Declares a database to run checks against. Two labels: the provider and an instance name.

connection "postgres" "main" {
dsn = env("DATABASE_URL")
}

For every engine except Athena, the only attribute is dsn. The provider label is cosmetic — the scheme in the dsn selects the engine.

AttributeRequiredTypeDefaultMeaning
dsnyesstringConnection string. env(...) allowed.

Amazon Athena uses a different shape (provider label "athena", no dsn):

connection "athena" "warehouse" {
region = "us-east-1"
database = "analytics"
output_location = "s3://my-athena-results/"
workgroup = "primary"
}
AttributeRequiredTypeDefaultMeaning
regionyesstringAWS region.
databaseyesstringAthena database name.
output_locationnostringS3 URI for query results.
workgroupnostringAthena workgroup.

Athena resolves AWS credentials through the standard AWS chain — environment variables, shared profile, SSO, or an instance/container role. There is nothing extra to configure in groundtruth.

Supported engines

Enginedsn scheme
PostgreSQL (also Redshift over the Postgres wire)postgres://
MySQL / MariaDBmysql://
BigQuerybigquery://
Trino / Prestotrino+http://
Amazon Athena(no dsn — see above)

Not supported as check targets: SQLite (usable only as a state store), Oracle, and DuckDB. An unrecognized scheme fails at gt check.

defaults

Optional. Sets values that any check inherits when it doesn’t specify its own.

AttributeRequiredTypeDefaultMeaning
onnoconnectionDefault connection for checks.
everynostringDefault schedule.
timeoutnostringDefault per-check query timeout.
on_failnostringDefault notifier name.

check

Defines one health check. One label: the check name.

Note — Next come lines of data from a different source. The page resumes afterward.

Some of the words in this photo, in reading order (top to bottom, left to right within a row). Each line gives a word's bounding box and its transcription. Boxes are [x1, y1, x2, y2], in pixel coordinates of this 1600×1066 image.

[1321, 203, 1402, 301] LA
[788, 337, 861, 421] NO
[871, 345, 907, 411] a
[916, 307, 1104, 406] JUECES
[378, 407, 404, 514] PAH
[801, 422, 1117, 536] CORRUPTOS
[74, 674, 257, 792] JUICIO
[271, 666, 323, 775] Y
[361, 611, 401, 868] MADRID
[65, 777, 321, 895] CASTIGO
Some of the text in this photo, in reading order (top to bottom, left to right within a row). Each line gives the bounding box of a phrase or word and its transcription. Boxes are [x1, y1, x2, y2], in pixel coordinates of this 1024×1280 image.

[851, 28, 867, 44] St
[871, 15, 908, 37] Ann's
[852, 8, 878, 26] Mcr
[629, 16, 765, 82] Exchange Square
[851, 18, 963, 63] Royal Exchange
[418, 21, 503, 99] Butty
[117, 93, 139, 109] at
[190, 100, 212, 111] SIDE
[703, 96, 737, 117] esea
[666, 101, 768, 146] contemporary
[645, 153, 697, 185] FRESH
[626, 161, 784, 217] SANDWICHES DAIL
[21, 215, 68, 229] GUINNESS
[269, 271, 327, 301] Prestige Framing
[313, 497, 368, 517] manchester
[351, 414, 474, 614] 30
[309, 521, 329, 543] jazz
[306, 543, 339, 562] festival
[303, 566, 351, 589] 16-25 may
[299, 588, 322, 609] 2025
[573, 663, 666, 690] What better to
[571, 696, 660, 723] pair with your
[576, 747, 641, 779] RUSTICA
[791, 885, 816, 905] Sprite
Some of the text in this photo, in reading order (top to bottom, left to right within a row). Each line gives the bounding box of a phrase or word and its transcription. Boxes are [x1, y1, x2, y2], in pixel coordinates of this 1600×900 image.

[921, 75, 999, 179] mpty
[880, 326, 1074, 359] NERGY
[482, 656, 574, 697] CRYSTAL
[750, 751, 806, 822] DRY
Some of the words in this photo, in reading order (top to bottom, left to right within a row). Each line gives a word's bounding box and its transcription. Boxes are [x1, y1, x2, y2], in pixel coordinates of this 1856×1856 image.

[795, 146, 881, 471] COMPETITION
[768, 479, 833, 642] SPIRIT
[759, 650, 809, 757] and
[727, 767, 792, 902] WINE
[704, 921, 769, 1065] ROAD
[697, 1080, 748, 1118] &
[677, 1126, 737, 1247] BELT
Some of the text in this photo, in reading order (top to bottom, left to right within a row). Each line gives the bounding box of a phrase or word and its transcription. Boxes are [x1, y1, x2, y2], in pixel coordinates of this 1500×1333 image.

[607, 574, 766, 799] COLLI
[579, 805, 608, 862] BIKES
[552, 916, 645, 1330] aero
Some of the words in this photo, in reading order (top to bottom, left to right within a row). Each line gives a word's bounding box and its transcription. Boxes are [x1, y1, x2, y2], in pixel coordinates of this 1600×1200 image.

AttributeRequiredTypeDefaultMeaning
queryyesstringSQL to run. Supports ${each.value} in for_each checks.
onnoconnectiondefaults.on, else the first declared connectionWhich connection to run against. connection.<provider>.<name> or a bare name string.
everynostringdefaults.every, else 60s in watch modeSchedule. Interval string or 5-field cron.
timeoutnostringdefaults.timeout, else 30sPer-query timeout, e.g. "10s".
for_eachnolist of stringsExpands into one check per item.
on_failnostringdefaults.on_failNotifier to fire when the check fails.
warnnobool or blockWarn tier.
failnobool or blockFail tier.

Allowed sub-blocks: warn, fail, and validate.

Schedules (every)

every accepts either:

  • An interval string: Ns, Nm, Nh, or Nd (seconds, minutes, hours, days). No milliseconds, no fractions.
  • A 5-field cron expression, interpreted in UTC.

A check that has never run is due immediately at startup.

for_each

for_each takes a list of strings and expands into one check per item, named name[item]. Inside the query, ${each.value} interpolates the current item.

check "region_health" {
for_each = ["us", "eu"]
query = "select count(*) as n from sessions where region = '${each.value}'"
fail = row.n == 0
}

Tiers: warn and fail

Each tier has two forms.

Bare boolean:

fail = row.n == 0

Block form:

fail {
when = row.n == 0
sustained = "15m"
sample = 10
}
AttributeRequiredTypeDefaultMeaning
whenyes (in block form)boolean exprThe condition that fires the tier.
sustainednostringOnly notify after the check has been failing continuously for this long. Read from the fail tier.
samplenonon-negative intCapture up to N offending rows into the result.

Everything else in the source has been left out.